Collection entries
┏━━

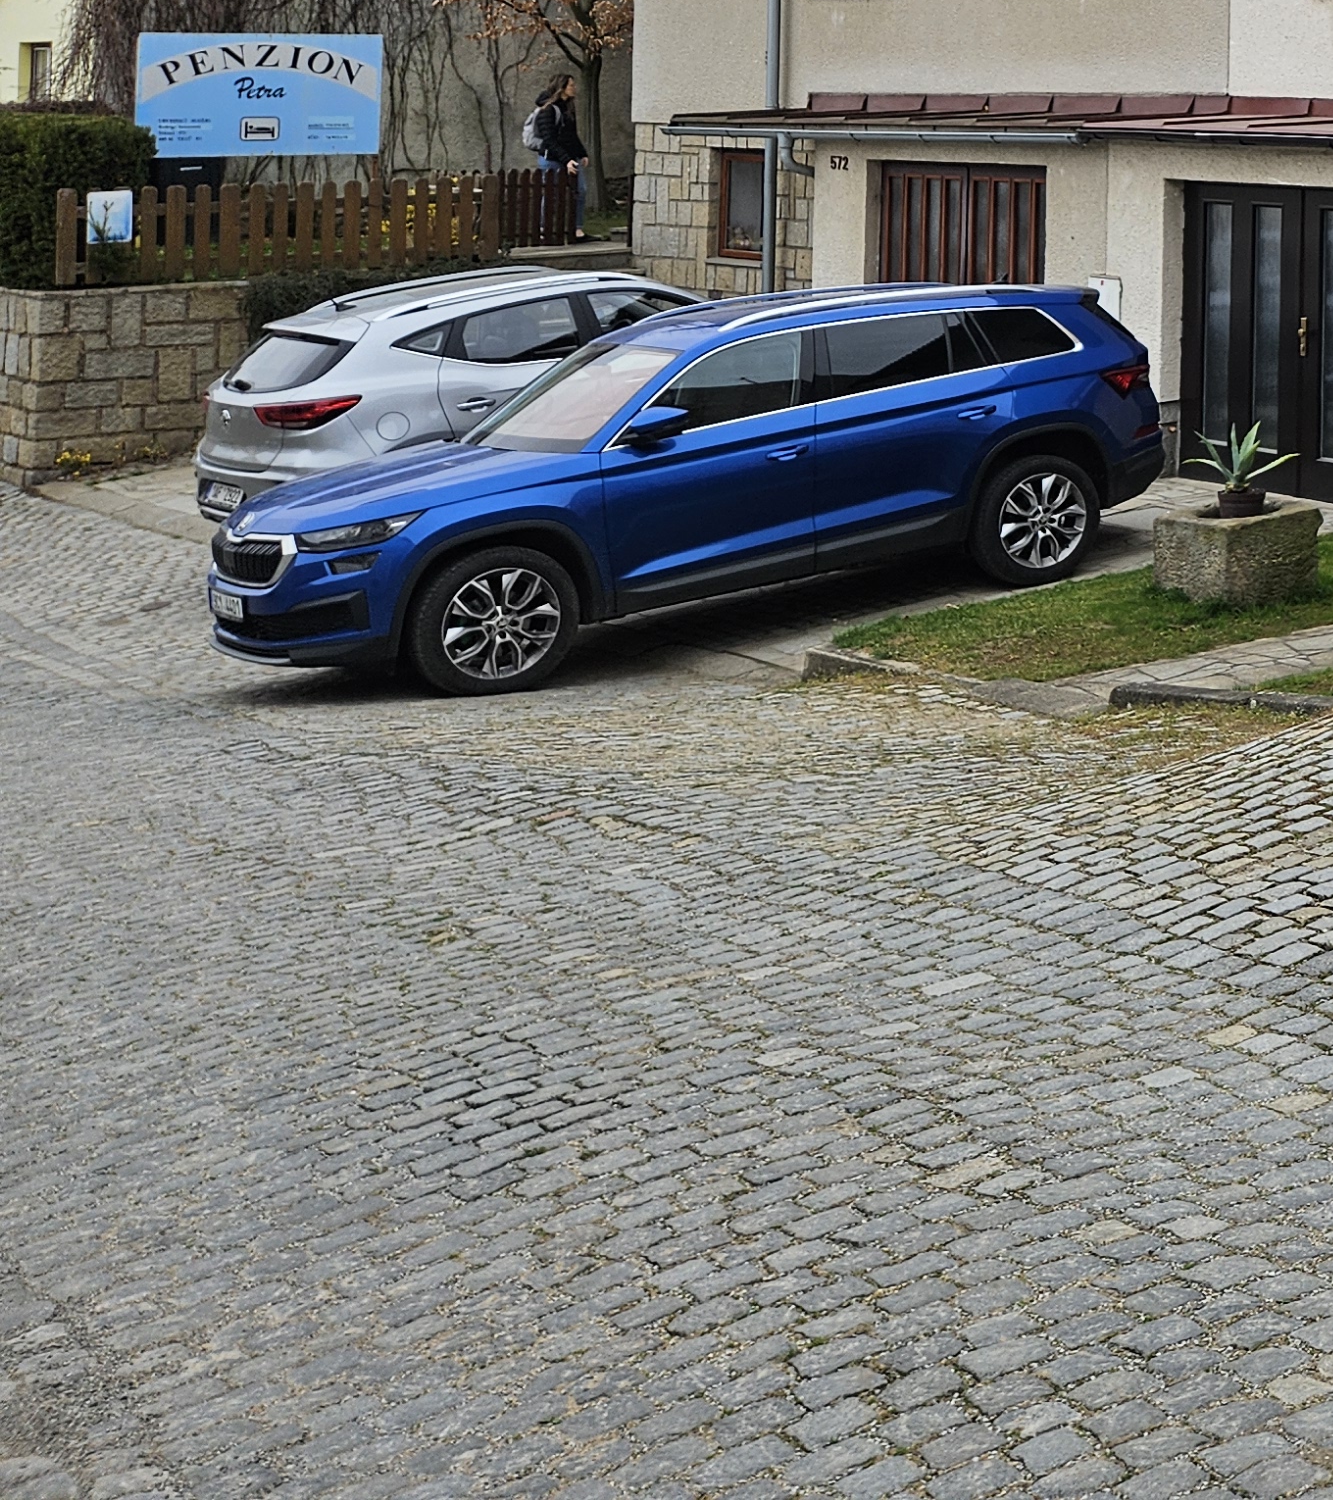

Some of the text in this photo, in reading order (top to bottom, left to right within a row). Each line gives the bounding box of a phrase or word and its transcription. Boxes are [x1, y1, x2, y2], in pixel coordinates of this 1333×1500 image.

[157, 44, 365, 86] PENZION
[234, 77, 288, 100] Petra
[830, 155, 849, 171] 572
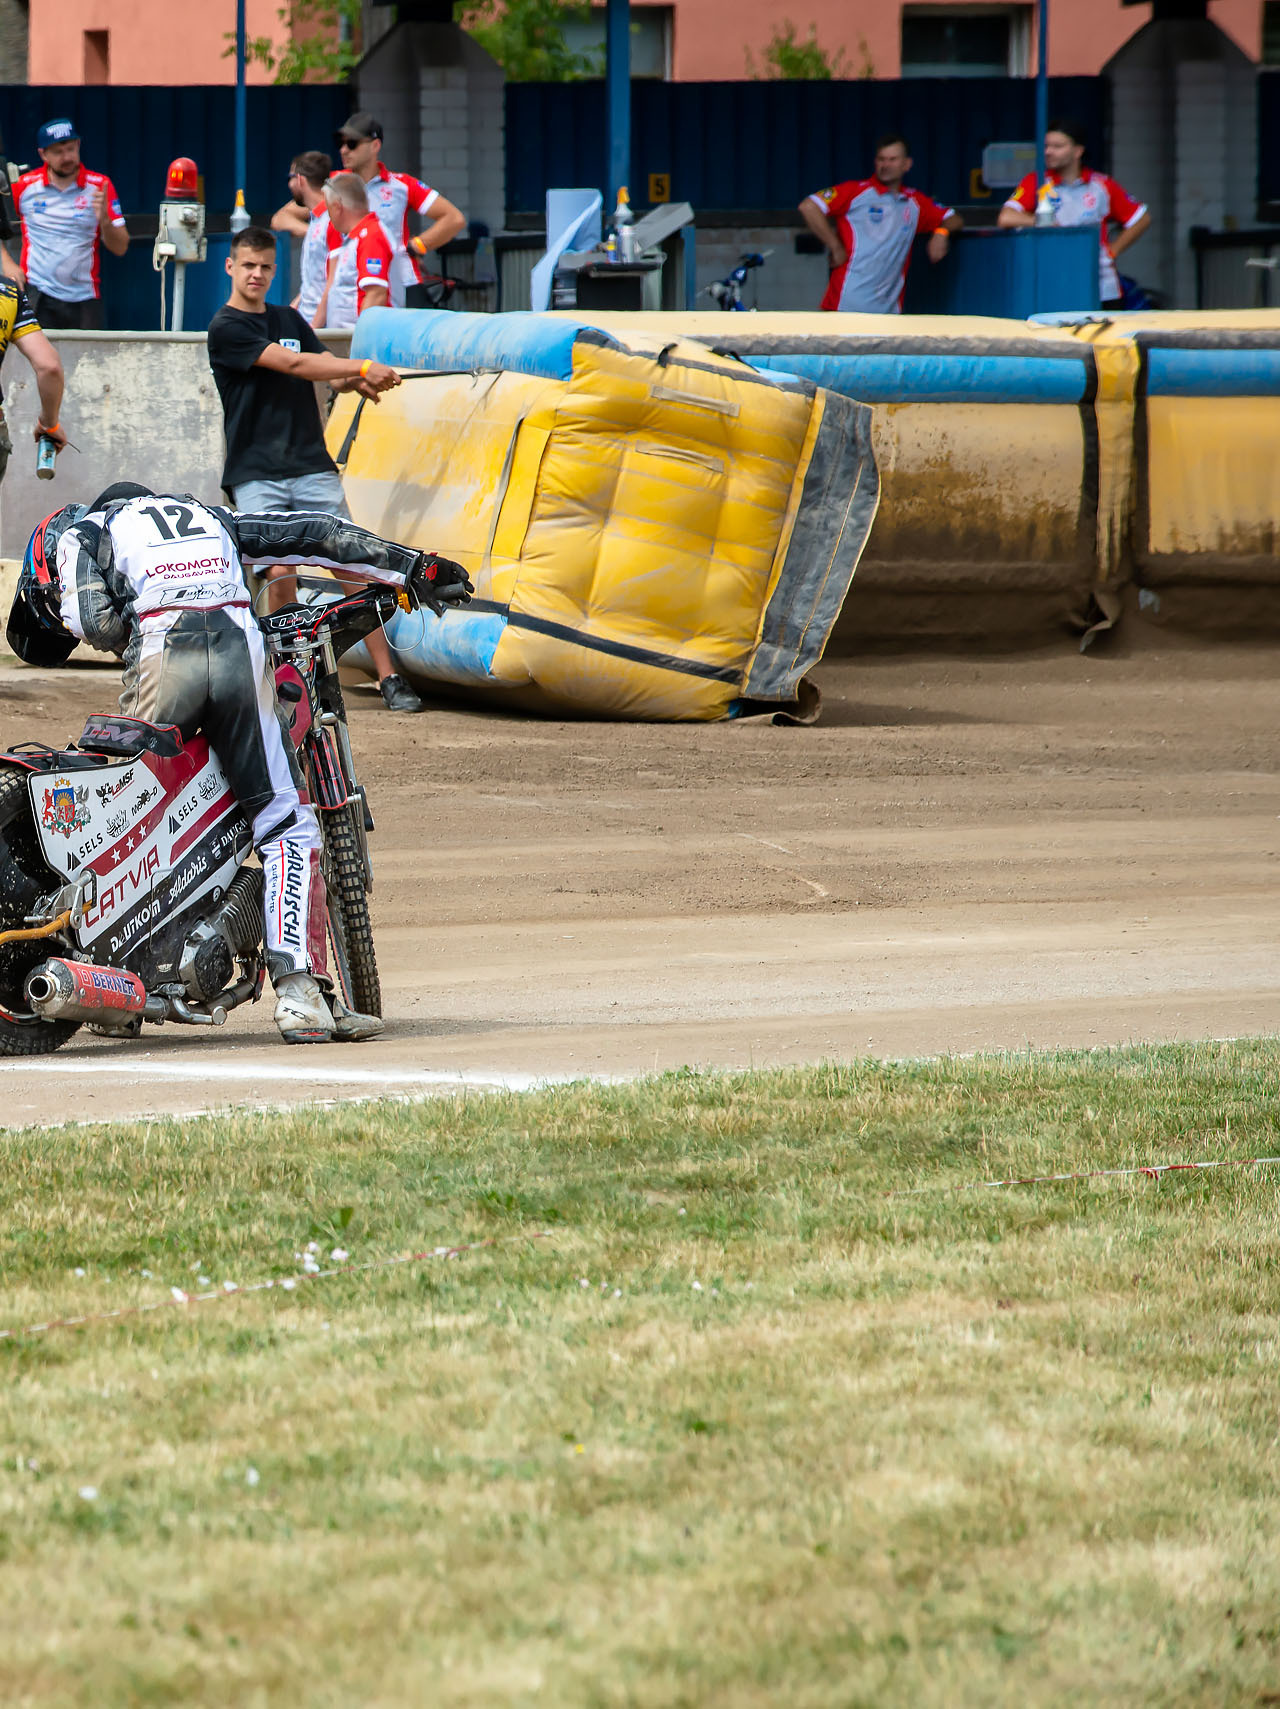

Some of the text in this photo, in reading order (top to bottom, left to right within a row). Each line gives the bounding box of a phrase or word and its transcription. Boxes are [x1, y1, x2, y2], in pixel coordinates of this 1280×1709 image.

[138, 505, 207, 540] 12
[145, 557, 230, 578] LOKOMOTIV
[163, 568, 225, 580] DAUGAVPILS
[178, 796, 198, 821] SELS
[80, 833, 103, 858] SELS
[85, 844, 160, 928] LATVIA
[90, 970, 136, 996] BERNER

┗━━

Repeat each of the entries above exactly, but do not carry over the pictures.

Some of the text in this photo, in reading order (top to bottom, left to right within a row). Each line gives the bounding box of a phrase or word and its transcription. Boxes are [x1, y1, x2, y2], in pixel coordinates of this 1333×1500 image.

[157, 44, 365, 86] PENZION
[234, 77, 288, 100] Petra
[830, 155, 849, 171] 572

Some of the text in this photo, in reading order (top to bottom, left to right within a row). Each line gives the bounding box of a phrase or word and its transcription. Boxes are [x1, y1, x2, y2], in pixel coordinates of this 1280×1709 image.

[138, 505, 207, 540] 12
[145, 557, 230, 578] LOKOMOTIV
[163, 568, 225, 580] DAUGAVPILS
[178, 796, 198, 821] SELS
[80, 833, 103, 858] SELS
[85, 844, 160, 928] LATVIA
[90, 970, 136, 996] BERNER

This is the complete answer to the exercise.